- **GIVEN ENTRIES**:
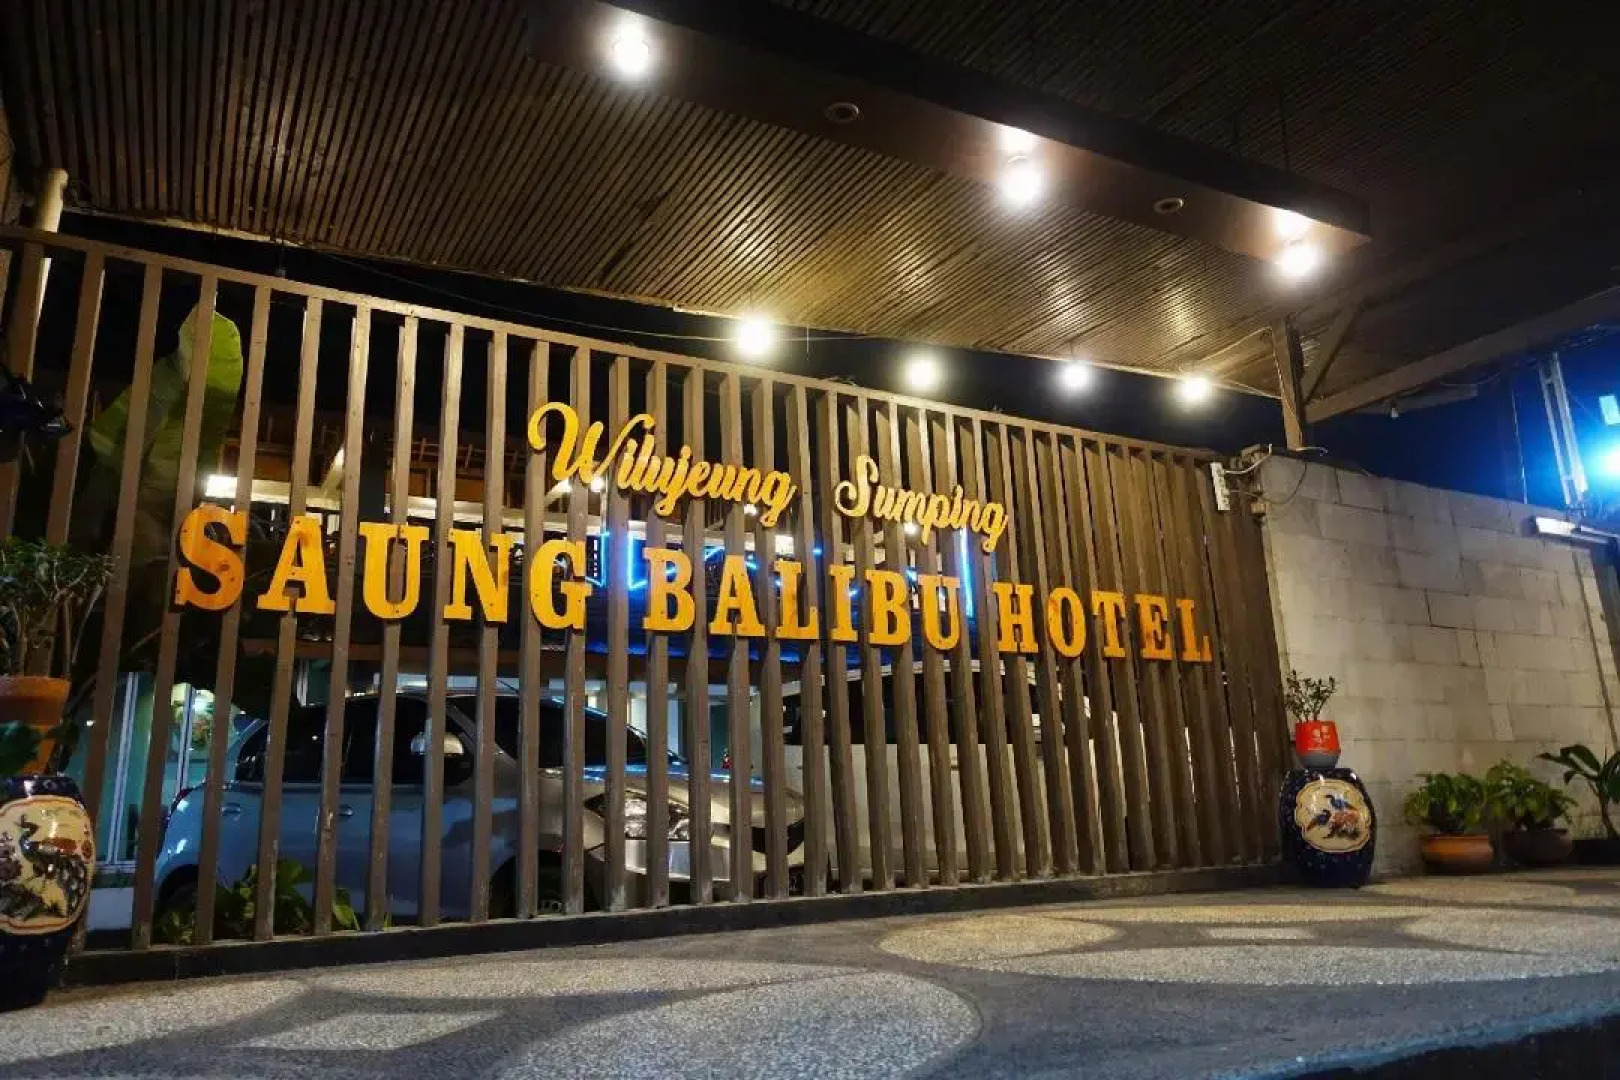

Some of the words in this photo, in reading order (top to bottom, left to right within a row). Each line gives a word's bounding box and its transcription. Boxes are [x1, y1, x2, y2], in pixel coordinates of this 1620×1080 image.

[527, 401, 797, 528] Wilujeung
[834, 455, 1008, 553] Sumping
[174, 504, 592, 631] SAUNG
[642, 547, 962, 651] BALIBU
[993, 581, 1212, 663] HOTEL

- **AIM OF THE EXERCISE**: Copy the material verbatim. The pictures are not part of the copy.

- **OUTPUT OF THE TASK**:
Some of the words in this photo, in reading order (top to bottom, left to right within a row). Each line gives a word's bounding box and its transcription. Boxes are [x1, y1, x2, y2], in pixel coordinates of this 1620×1080 image.

[527, 401, 797, 528] Wilujeung
[834, 455, 1008, 553] Sumping
[174, 504, 592, 631] SAUNG
[642, 547, 962, 651] BALIBU
[993, 581, 1212, 663] HOTEL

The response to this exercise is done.